Quotations from Frankenstein

This 4 page paper uses direct quotes from "Frankenstein" to discuss the characters of Frankenstein and the monster, and the themes of the novel. It argues that Frankenstein is ultimately less human than his creation. Bibliography lists 1 source.

Mary Shelley's 'Frankenstein': Characterization Development Of Protagonist Victor Frankenstein

5 pages in length. Mary Shelley' Frankenstein utilizes several components in developing the characterization of protagonist Victor Frankenstein, which becomes quite clear when one examines character description, character behavior, other character's thoughts about him, as well as what he thinks about himself. In this precedence-setting novel, Shelley’s novel is more than it appears on the surface; clearly, when one looks at the dark undertones and truly begins to feel what Victor was doing and feeling throughout the story, one might wonder whether Shelly's purpose was to portray Victor as more a representative of death rather than life. Within the first chapter, the reader finds Victor possessively obsessed with his adopted sister Elizabeth, who, he claims, was 'my more than sister, since till death she was to be mine only.' This early indication sets up the reader for the further understanding of his obsessive nature, ultimately leading to the conclusion his character development. Bibliography lists 4 sources.

Frankenstein

This 5 page paper focuses on the question of Frankenstein's regret for creating life. Some scholars have suggested Frankenstein regretted bringin his creature to life. This writer disagrees; Frankenstein held himself guiltless to the very end. There was not a moment of regret for the right reasons. Bibliography lists 1 source.

CLERVAL, FRANKENSTEIN AND FRIENDSHIP

This paper discusses the significane of the friendship between Henry Clerval and Victor Frankenstein in Mary Shelley's novel, Frankenstein. The essay examines what, symbolically and physically, the friendship represents to Frankenstein. Bibliography lists 3 sources.
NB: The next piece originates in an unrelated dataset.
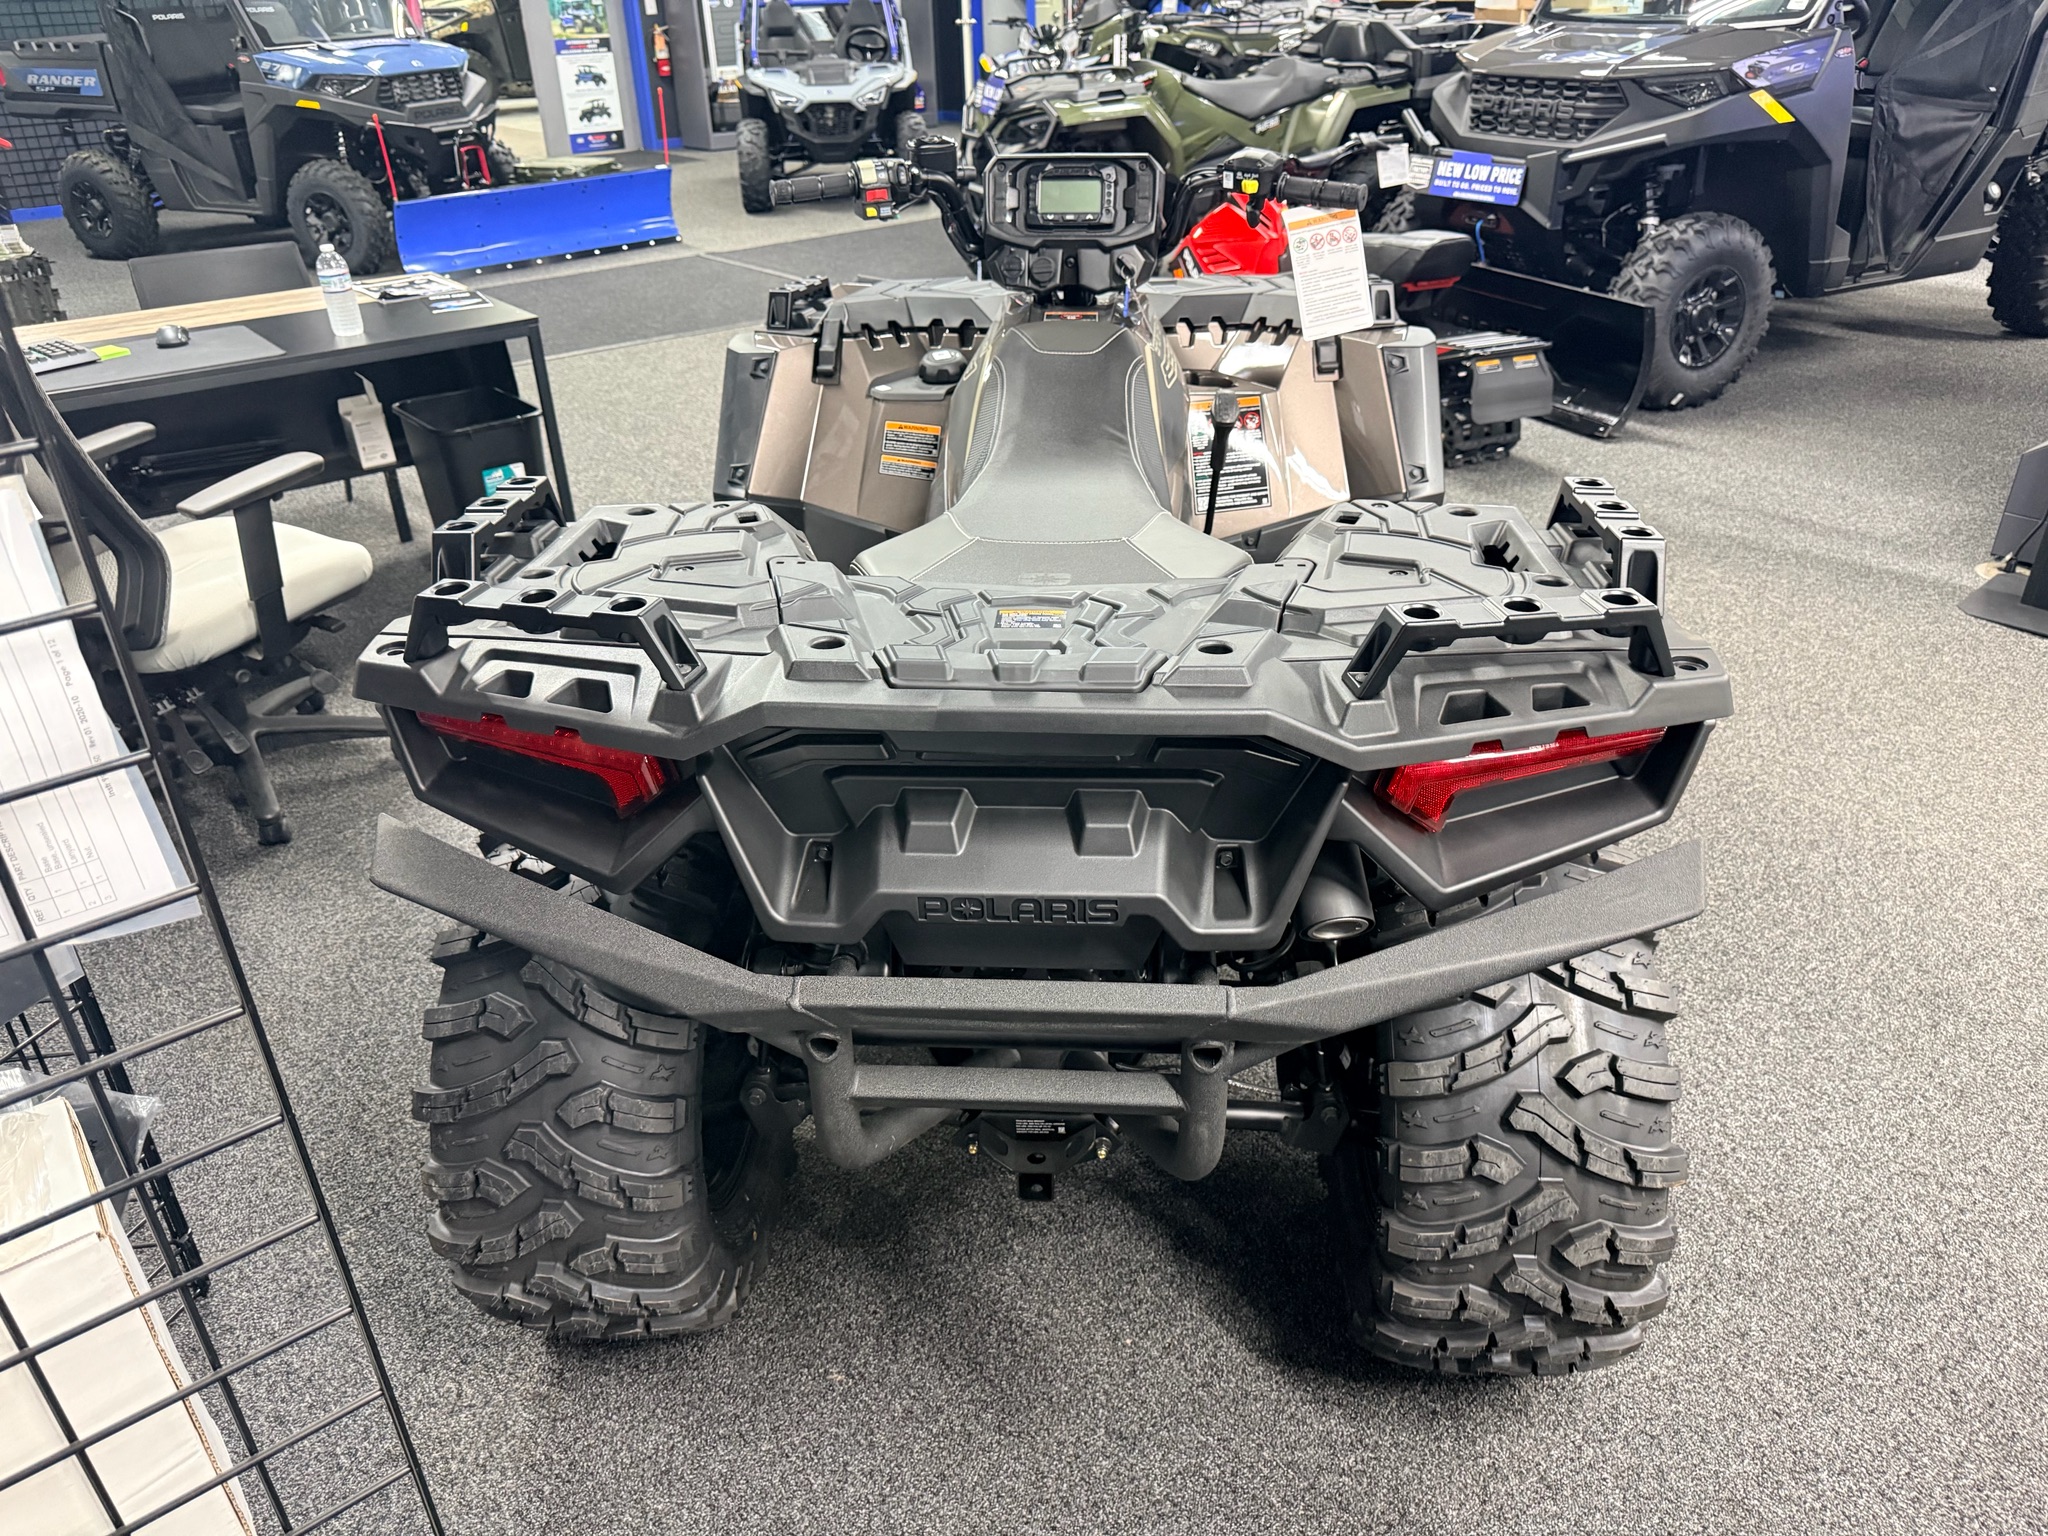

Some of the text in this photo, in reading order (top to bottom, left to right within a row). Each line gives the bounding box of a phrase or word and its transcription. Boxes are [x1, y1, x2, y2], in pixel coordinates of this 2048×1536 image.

Victorian Reading Habits: The Thrill of Transgression

This 6 page paper examines “Manfred” by Lord Byron and “Frankenstein” by Mary Shelley and argues that they are both examples of Gothic literature; that Frankenstein is self-deceiving while Manfred is overly self-aware; and that both protagonists transgress boundaries: Frankenstein cross the line between life and death, and Manfred breaks the taboo against incest. Bibliography lists 3 sources.

The Thrill of Transgression: “Frankenstein” and “Manfred”

This 6 page paper examines “Manfred” by Lord Byron and “Frankenstein” by Mary Shelley and argues that they are both examples of Gothic literature; that Frankenstein is self-deceiving while Manfred is overly self-aware; and that both protagonists transgress boundaries: Frankenstein cross the line between life and death, and Manfred breaks the taboo against incest. Bibliography lists 2 sources.